Article

Psychology and Mathematics: Three Applications

February 1961 DONALD C. BUTLER

Psychology and Mathematics: Three Applications DONALD C. BUTLER February 1961

Article

February 1961 DONALD C. BUTLER

ASSISTANT PROFESSOR OF PSYCHOLOGY

PSYCHOLOGY as a science is roughly one hundred years old. It was born testing Weber's Law, a quantitative relationship between sensory discrimination and stimulus intensity, and today all but a few marginal areas employ some branch of mathematics. In the last fifteen years there has been an acceleration in the volume and quality of psychological research. In several areas, most notably in the study of learning, this has led to the discovery of powerful variables and to greater experimental control of behavior. Under these improved breeding conditions a variety of applications of mathematics have been produced. Some are isolated equations or new statistical tests, others are fairly general theories. Some are impressive, with a string of successful predictions to their credit; others are tentative axiomatizations of loose verbal postulates, and do little more than check on consistency. This article presents examples of three rather different types of application: (1) measuring a new dimension, (2) fitting a functional relation, and (3) a simple stochastic model for learning.

Measuring a New Dimension

N. Wiener and C. Shannon developed Information Theory for the study of communication systems. Its main contribution to psychology has been the concept of uncertainty as a dimension of the environment and of behavior.

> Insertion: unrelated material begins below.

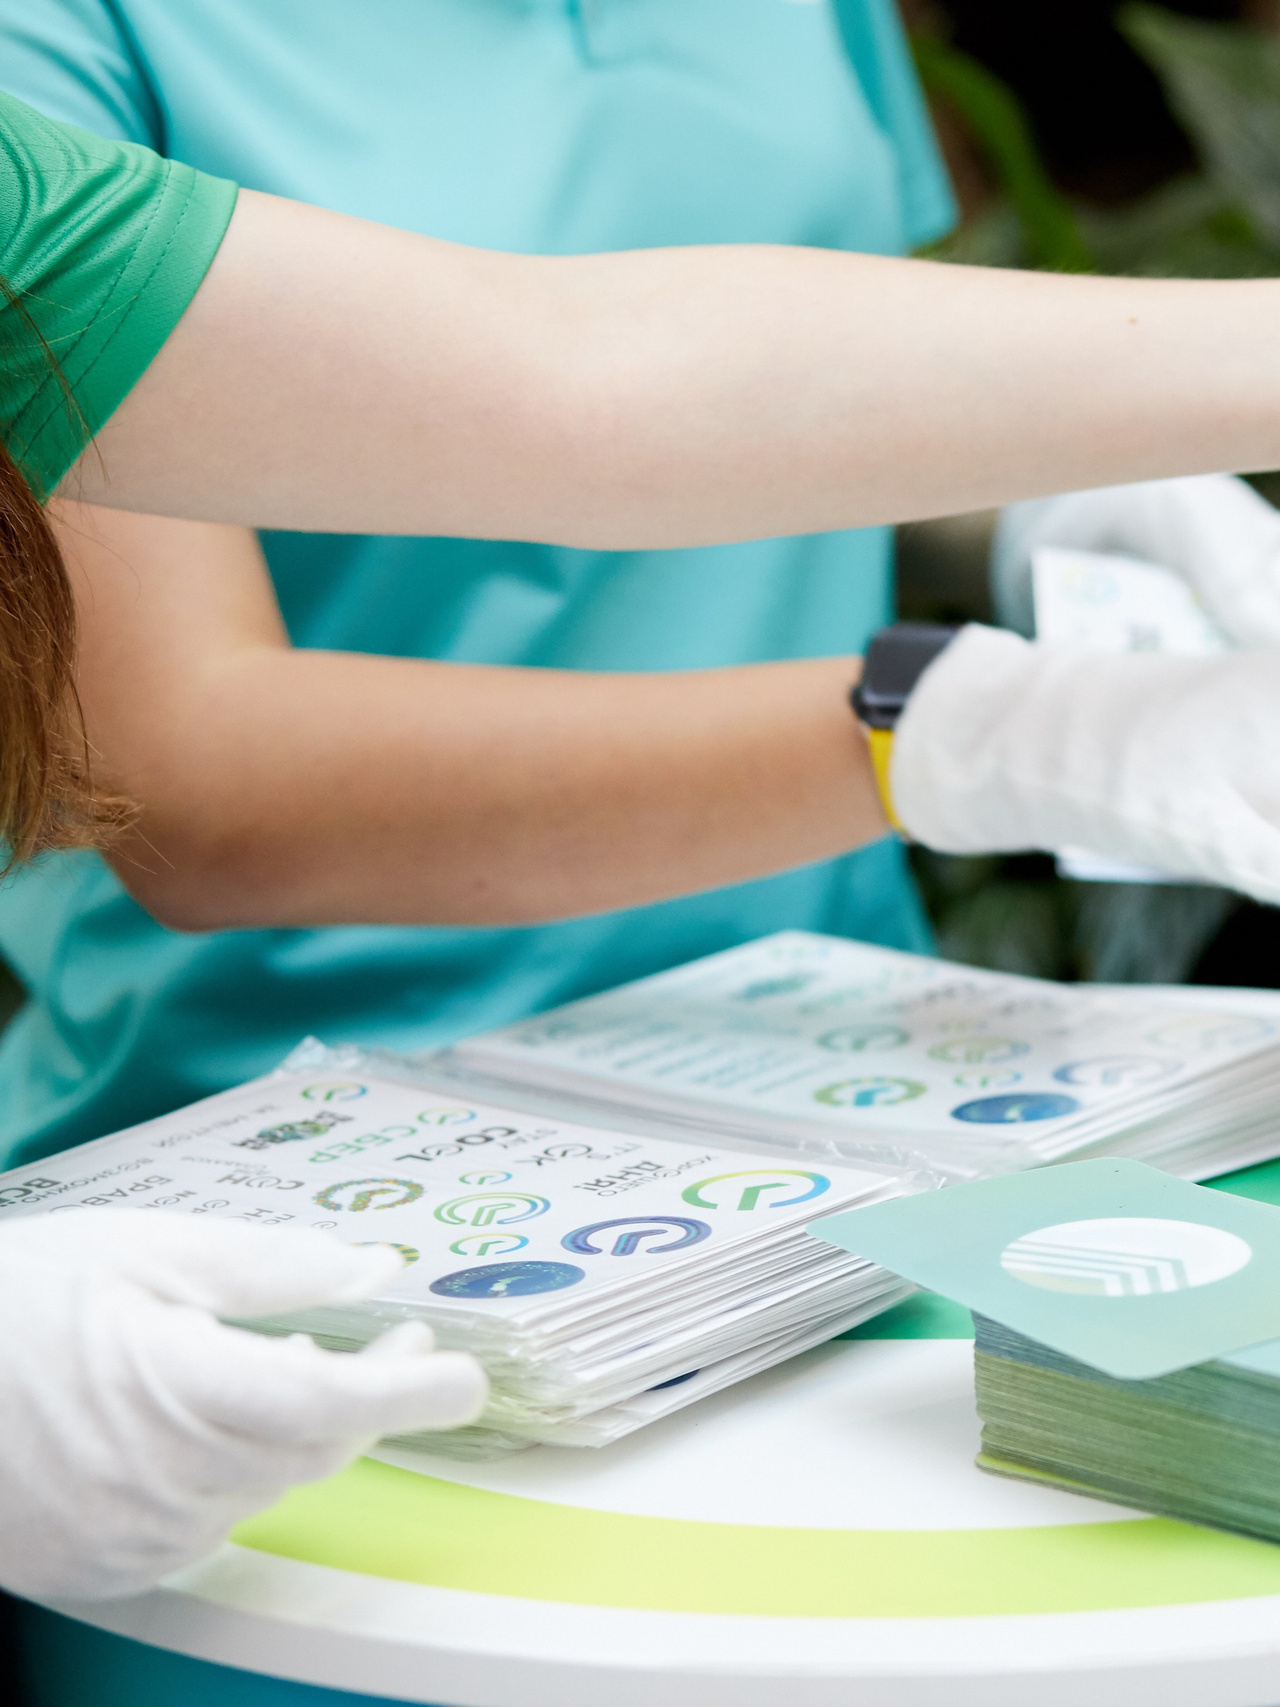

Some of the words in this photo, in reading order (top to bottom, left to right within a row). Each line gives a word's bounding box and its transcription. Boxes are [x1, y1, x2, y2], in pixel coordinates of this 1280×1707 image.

Any organism produces its behavior in a stimulating environment. Information theory focuses on (1) a set of possible stimuli that may impinge on the organism, (2) the possible behaviors the organism may produce, and (3) the transmission of information between the two. The set of possible stimuli is characterized by their number and by their probabilities. The more stimuli there are the more "uncertainty" there is as to which will actually occur. For a given number of equally probable stimuli the function log2 N measures uncertainty in units which give the mean number of "yes-no" questions one would have to ask to find out which stimulus was coming at any time. This unit is the famous "bit of information." For example, eight stimuli would have three bits of uncertainty and require three questions. Perfect transmission of a stimulus with probability P= 1/N could then be said to convey log2 1/P bits of information, or to be worth that many yes-no questions. For a set of stimuli with unequal probabilities the average uncertainty, or the expected amount of information conveyed per stimulus, equals ∑ P log 1/P.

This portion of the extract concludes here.